Re: [PATCH v4 04/14] PCI/P2PDMA: Clear ACS P2P flags for all devices behind switches

From: Christian KÃnig
Date: Wed May 09 2018 - 09:40:56 EST


Am 09.05.2018 um 15:12 schrieb Stephen Bates:
Jerome and Christian
I think there is confusion here, Alex properly explained the scheme
PCIE-device do a ATS request to the IOMMU which returns a valid
translation for a virtual address. Device can then use that address
directly without going through IOMMU for translation.
So I went through ATS in version 4.0r1 of the PCI spec. It looks like even a ATS translated TLP is still impacted by ACS though it has a separate control knob for translated address TLPs (see 7.7.7.2 of 4.0r1 of the spec). So even if your device supports ATS a P2P DMA will still be routed to the associated RP of the domain and down again unless we disable ACS DT P2P on all bridges between the two devices involved in the P2P DMA.

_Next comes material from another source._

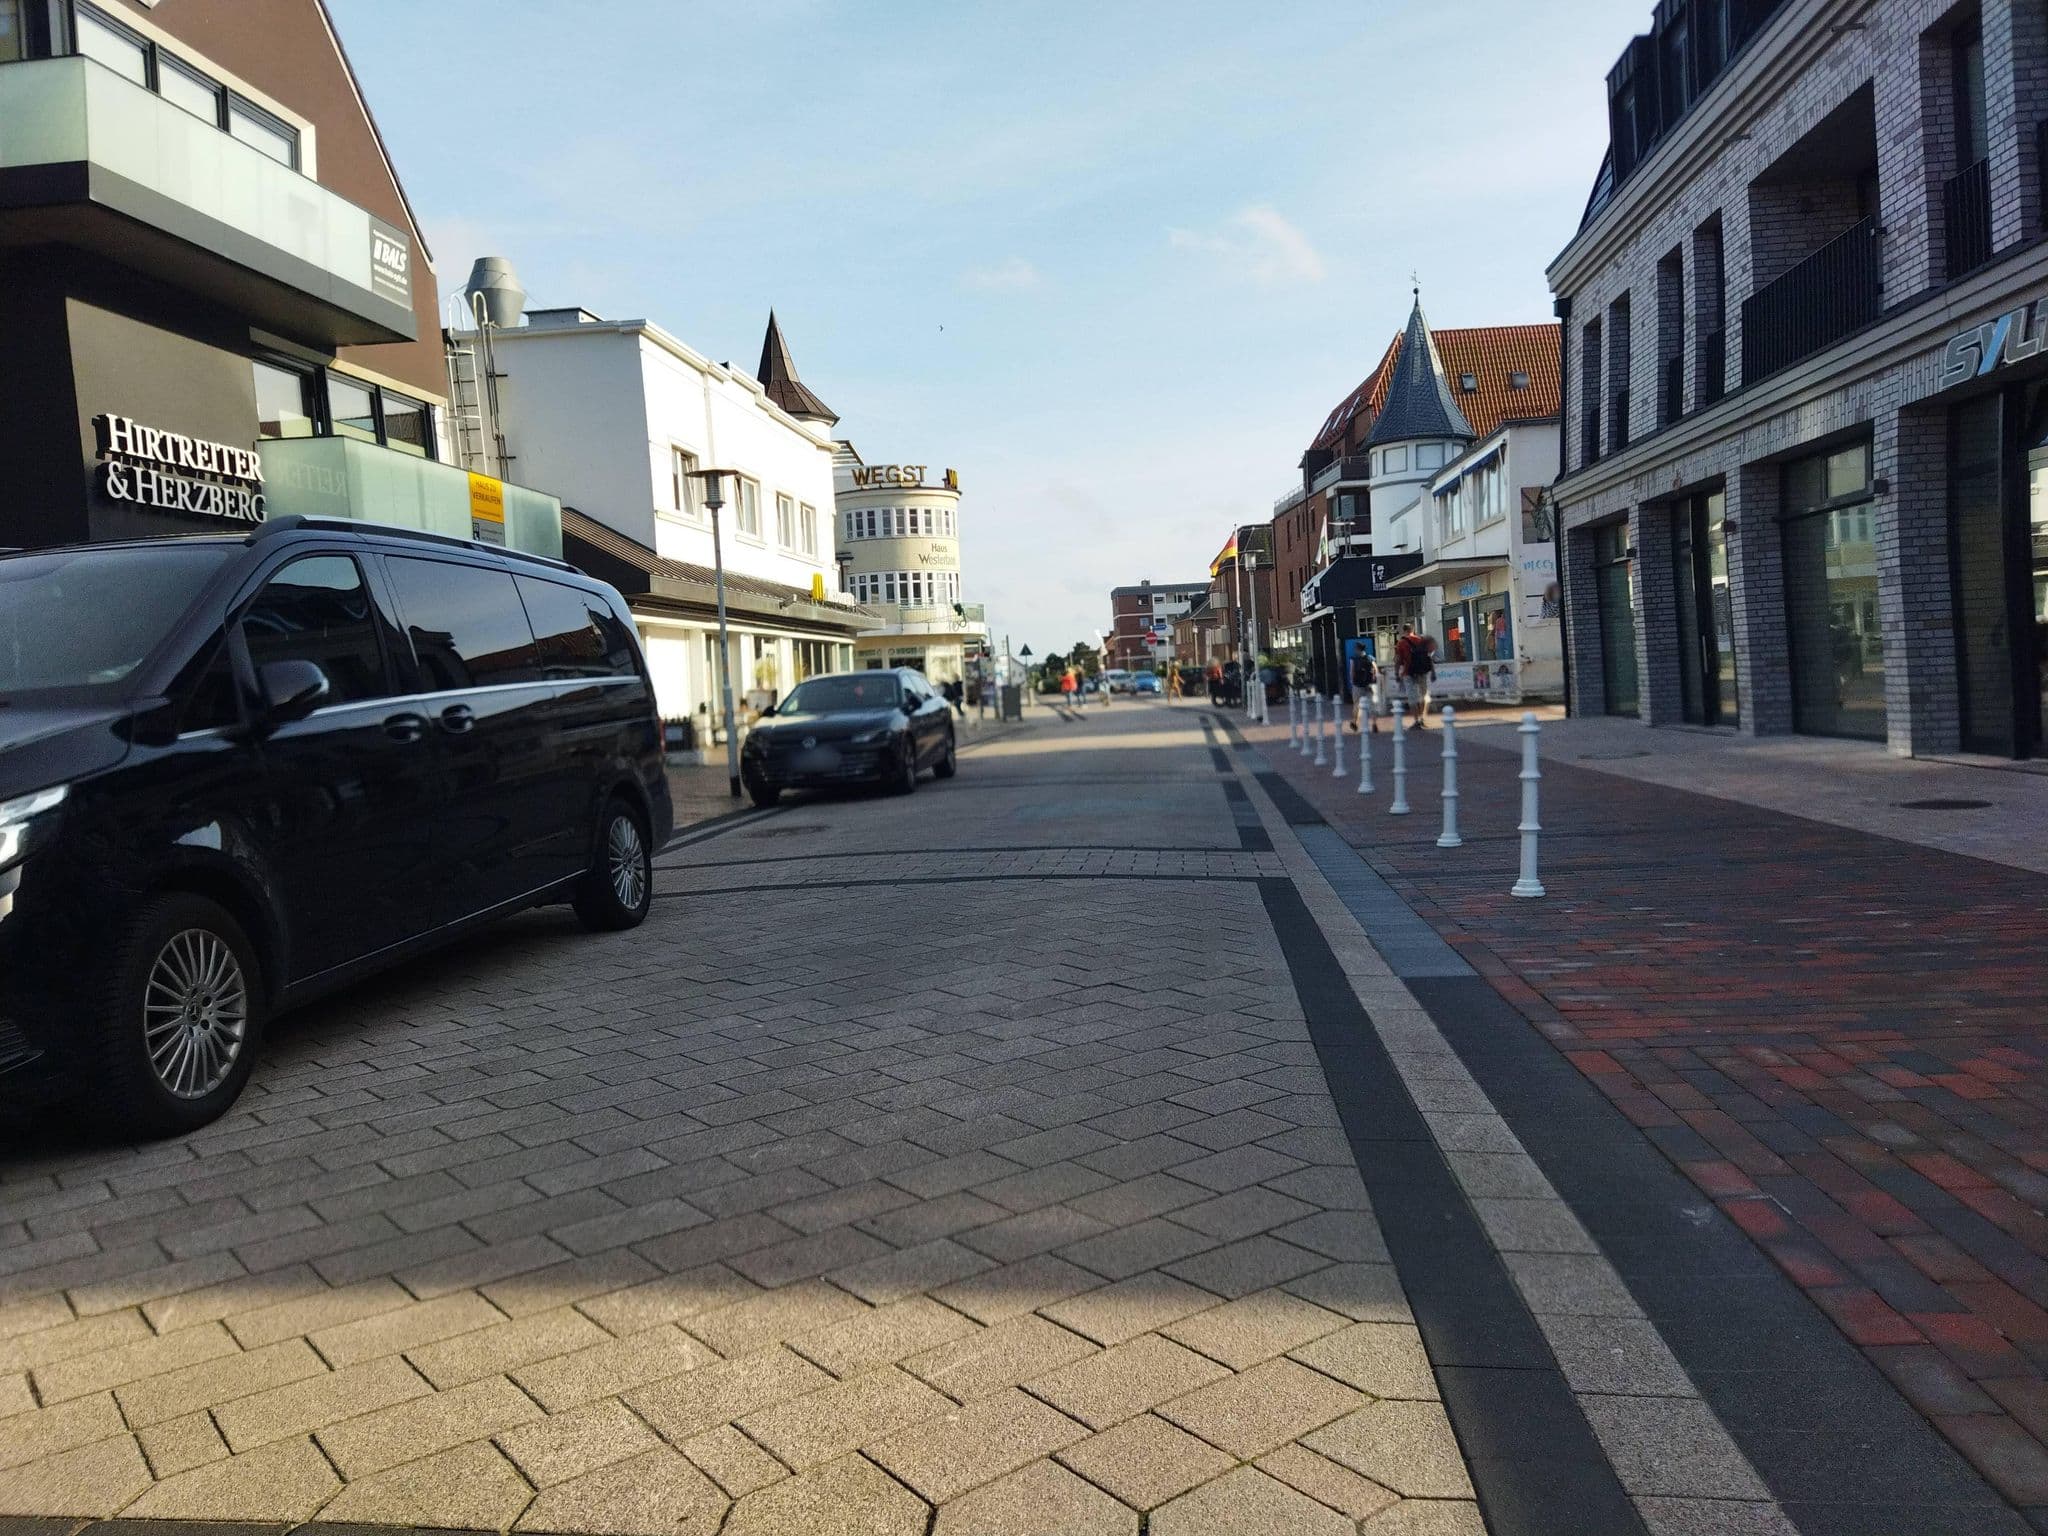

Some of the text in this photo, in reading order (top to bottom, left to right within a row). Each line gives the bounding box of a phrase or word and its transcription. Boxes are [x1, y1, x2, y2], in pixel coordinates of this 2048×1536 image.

So we still don't get fine grained control with ATS and I guess we still have security issues because a rogue or malfunctioning EP could just as easily issue TLPs with TA set vs not set.

Still need to double check the specification (had a busy morning today), but that sounds about correct.

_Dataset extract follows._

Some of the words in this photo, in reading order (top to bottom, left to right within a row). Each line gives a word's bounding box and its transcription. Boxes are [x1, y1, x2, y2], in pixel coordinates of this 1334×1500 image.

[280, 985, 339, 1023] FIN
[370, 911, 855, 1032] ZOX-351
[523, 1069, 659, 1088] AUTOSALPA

The key takeaway is that when any device has ATS enabled you can't disable ACS without breaking it (even if you unplug and replug it).

Also ATS is meaningless without something like PASID as far as i know.
ATS is still somewhat valuable without PSAID in the sense you can cache IOMMU address translations at the EP. This saves hammering on the IOMMU as much in certain workloads.

Interestingly Section 7.7.7.2 almost mentions that Root Ports that support ATS AND can implement P2P between root ports should advertise "ACS Direct Translated P2P (T)" capability. This ties into the discussion around P2P between route ports we had a few weeks ago...

Interesting point, give me a moment to check that. That finally makes all the hardware I have standing around here valuable :)

Christian.


Stephen